**Exercise inputs**
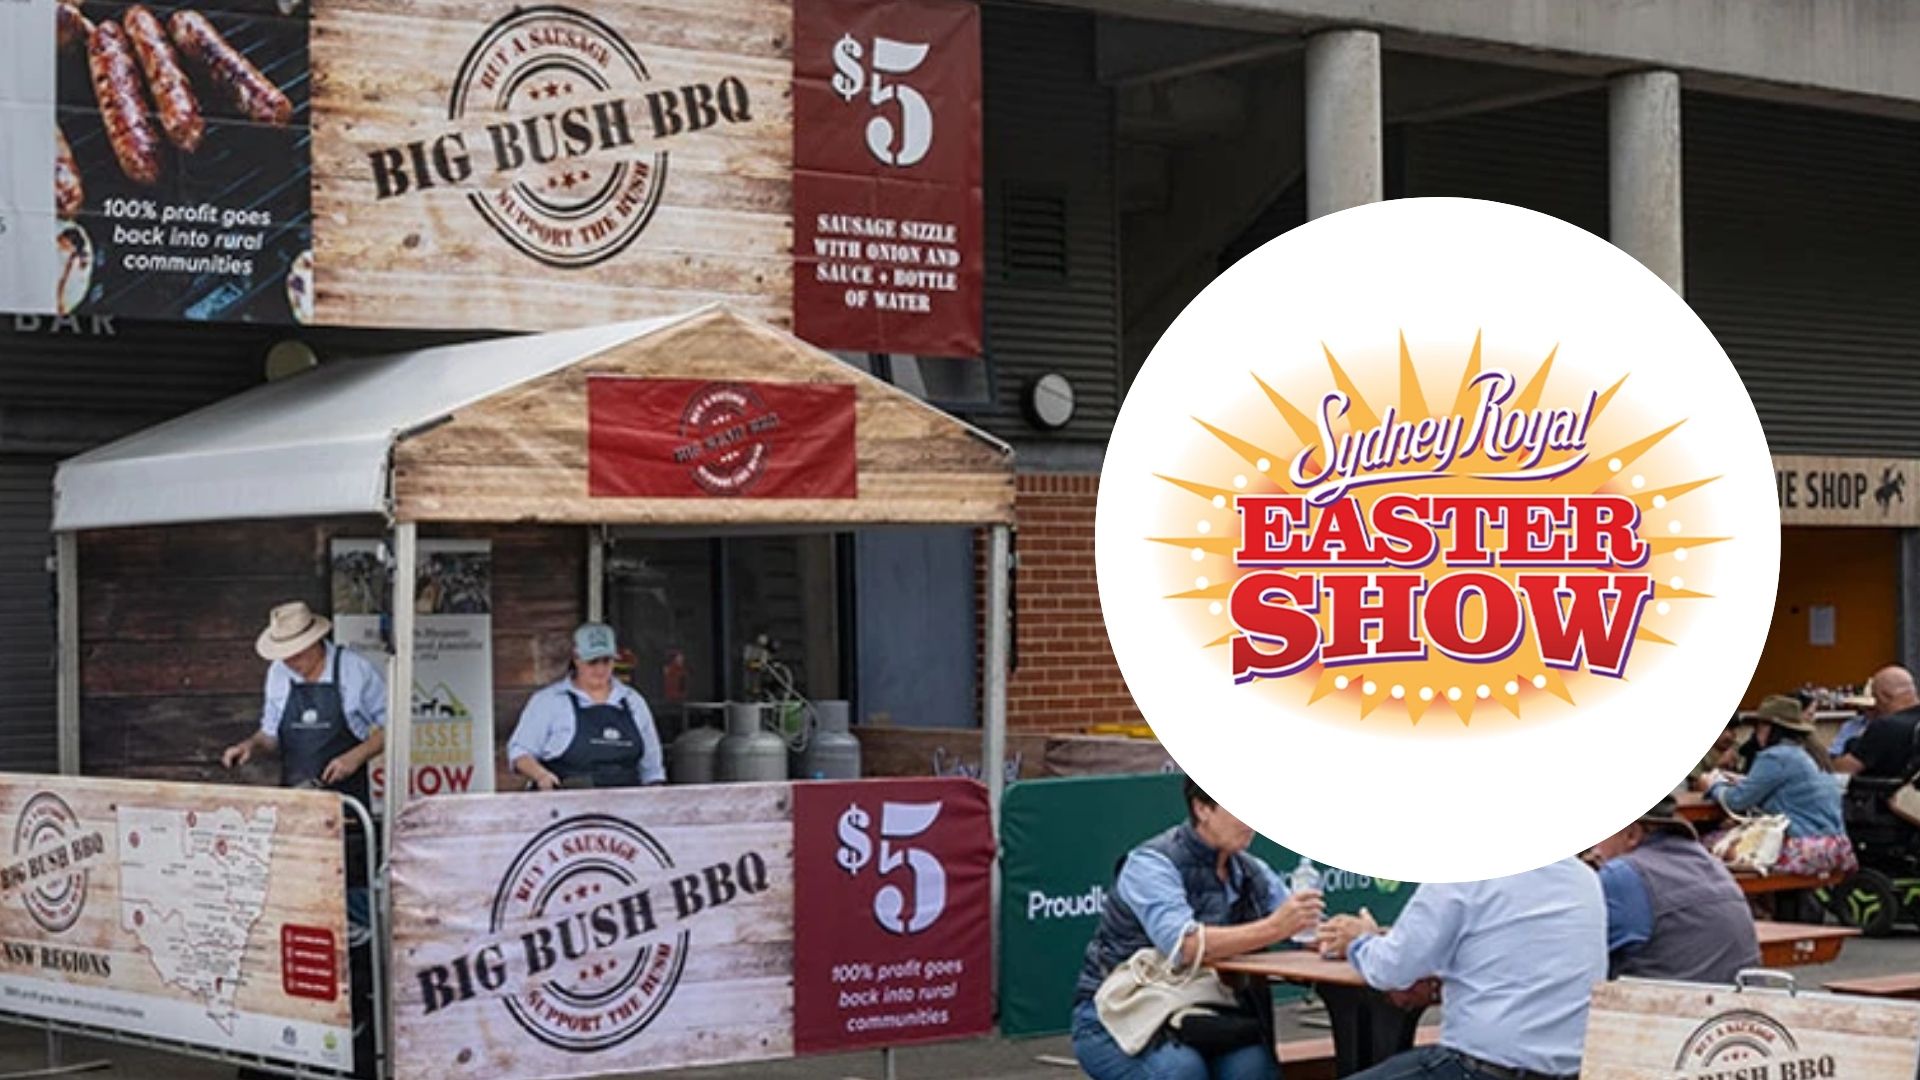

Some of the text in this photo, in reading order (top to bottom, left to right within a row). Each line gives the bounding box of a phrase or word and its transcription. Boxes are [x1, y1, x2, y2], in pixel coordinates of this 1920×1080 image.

[480, 28, 611, 90] BUY A SAUSAGE
[832, 34, 934, 166] $5
[369, 76, 753, 199] BIG BUSH BBQ
[104, 199, 271, 228] 100% profit goes
[497, 160, 650, 247] SUPPORT THE BUSH
[113, 226, 264, 250] back into rural
[817, 213, 957, 244] SAUSAGE SIZZLE
[122, 253, 253, 276] communities
[814, 237, 961, 268] WITH ONION AND
[817, 263, 874, 285] SAUCE
[893, 267, 957, 291] BOTTLE
[844, 289, 930, 312] OF WATER
[1805, 471, 1868, 509] SHOP
[28, 845, 71, 879] BUSH
[515, 834, 639, 902] BUY A SAUSAGE
[837, 801, 947, 935] $5
[417, 850, 769, 1015] BIG BUSH BBQ
[2, 941, 112, 979] NSW REGIONS
[832, 959, 962, 982] 100% profit goes
[528, 943, 671, 1032] SUPPORT THE BUSH
[838, 981, 958, 1008] back into rural
[847, 1008, 949, 1032] communities
[1779, 1054, 1836, 1080] BBQ
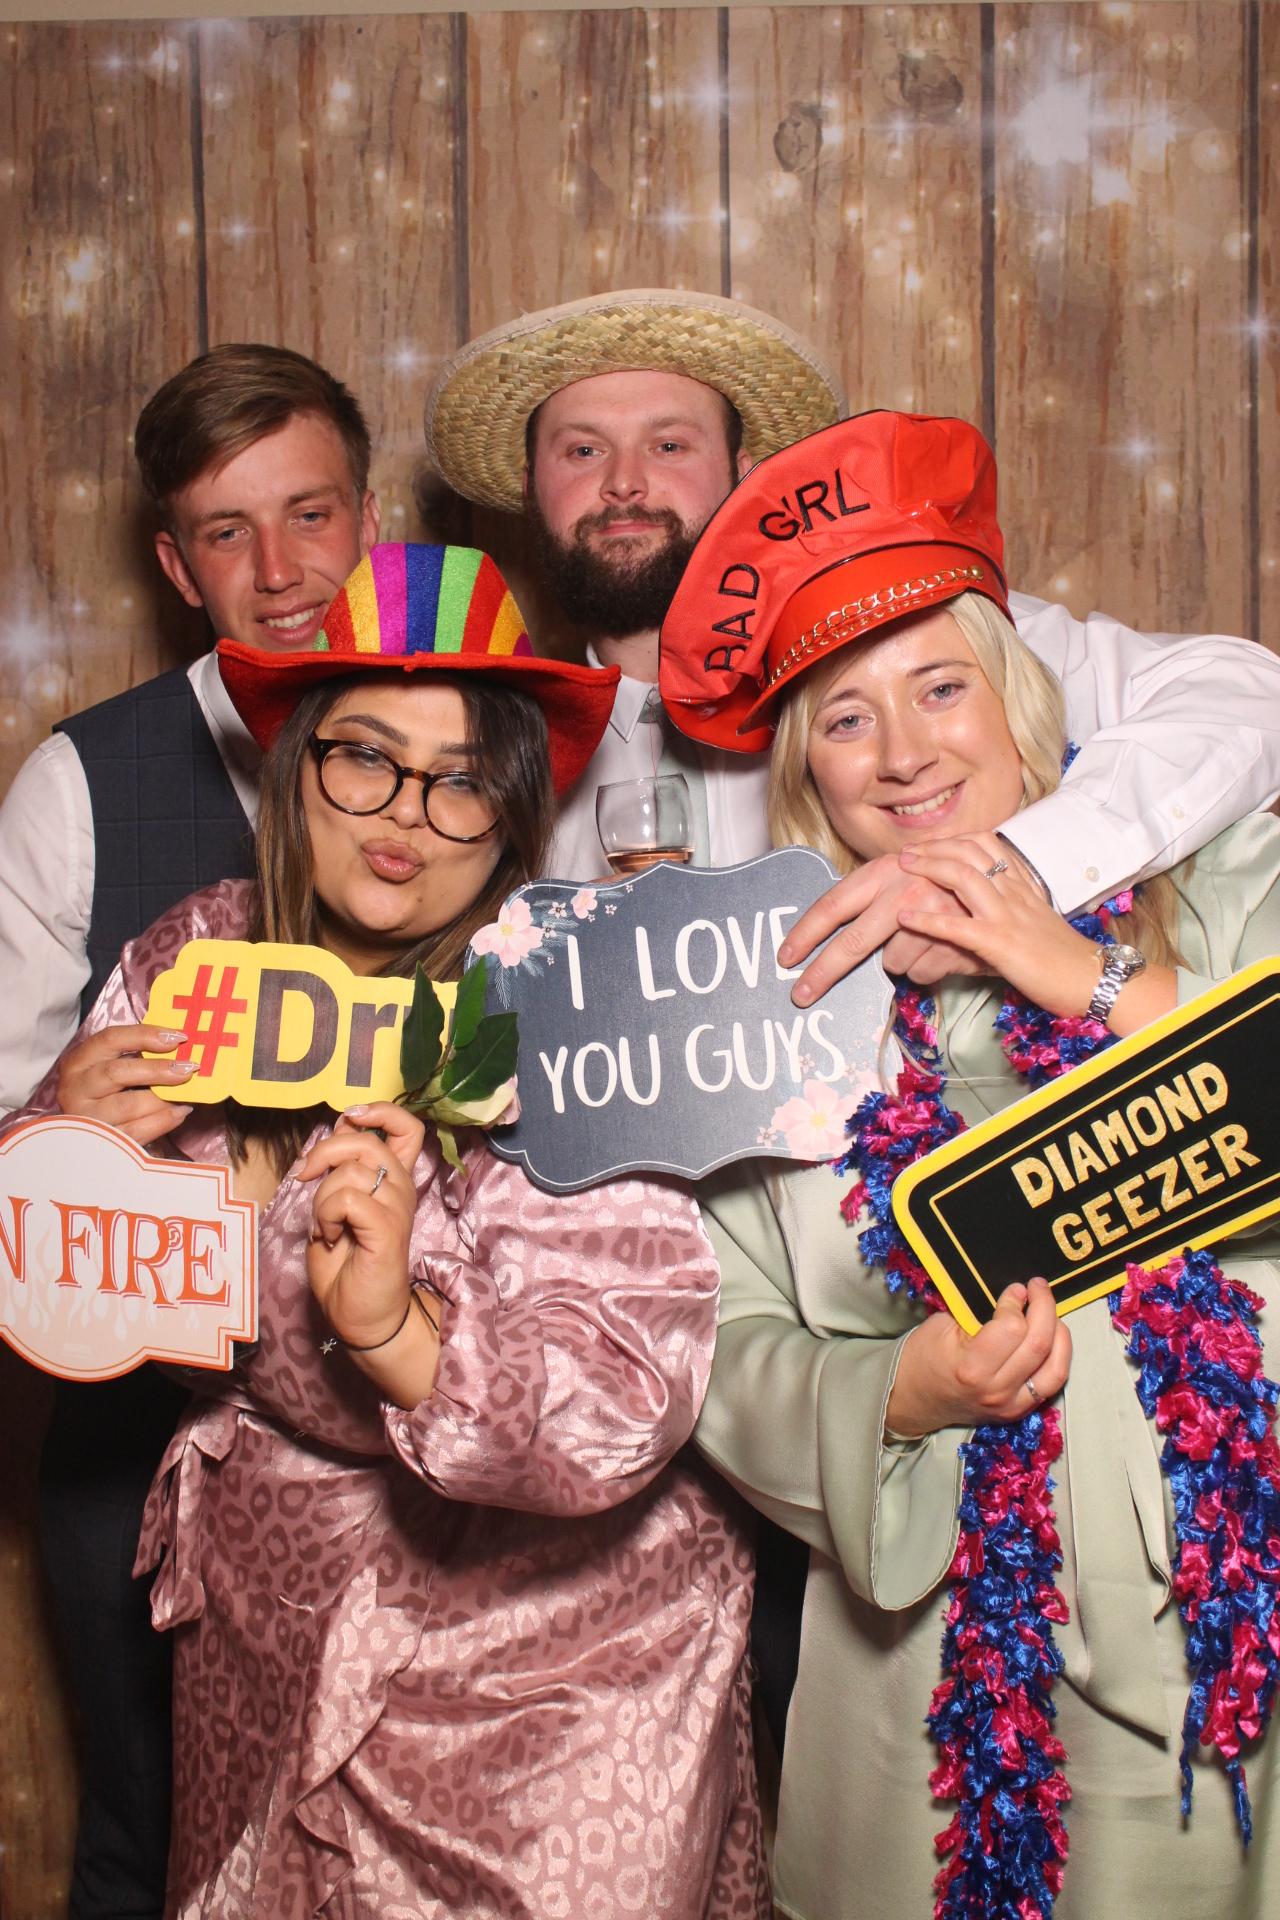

**Task description**
Reproduce the whole of the data, word for word, and omit its pictures.

**Task response**
Some of the text in this photo, in reading order (top to bottom, left to right within a row). Each line gives the bounding box of a phrase or word and its transcription. Boxes are [x1, y1, x2, y2], in pixel coordinates of this 1920×1080 image.

[480, 28, 611, 90] BUY A SAUSAGE
[832, 34, 934, 166] $5
[369, 76, 753, 199] BIG BUSH BBQ
[104, 199, 271, 228] 100% profit goes
[497, 160, 650, 247] SUPPORT THE BUSH
[113, 226, 264, 250] back into rural
[817, 213, 957, 244] SAUSAGE SIZZLE
[122, 253, 253, 276] communities
[814, 237, 961, 268] WITH ONION AND
[817, 263, 874, 285] SAUCE
[893, 267, 957, 291] BOTTLE
[844, 289, 930, 312] OF WATER
[1805, 471, 1868, 509] SHOP
[28, 845, 71, 879] BUSH
[515, 834, 639, 902] BUY A SAUSAGE
[837, 801, 947, 935] $5
[417, 850, 769, 1015] BIG BUSH BBQ
[2, 941, 112, 979] NSW REGIONS
[832, 959, 962, 982] 100% profit goes
[528, 943, 671, 1032] SUPPORT THE BUSH
[838, 981, 958, 1008] back into rural
[847, 1008, 949, 1032] communities
[1779, 1054, 1836, 1080] BBQ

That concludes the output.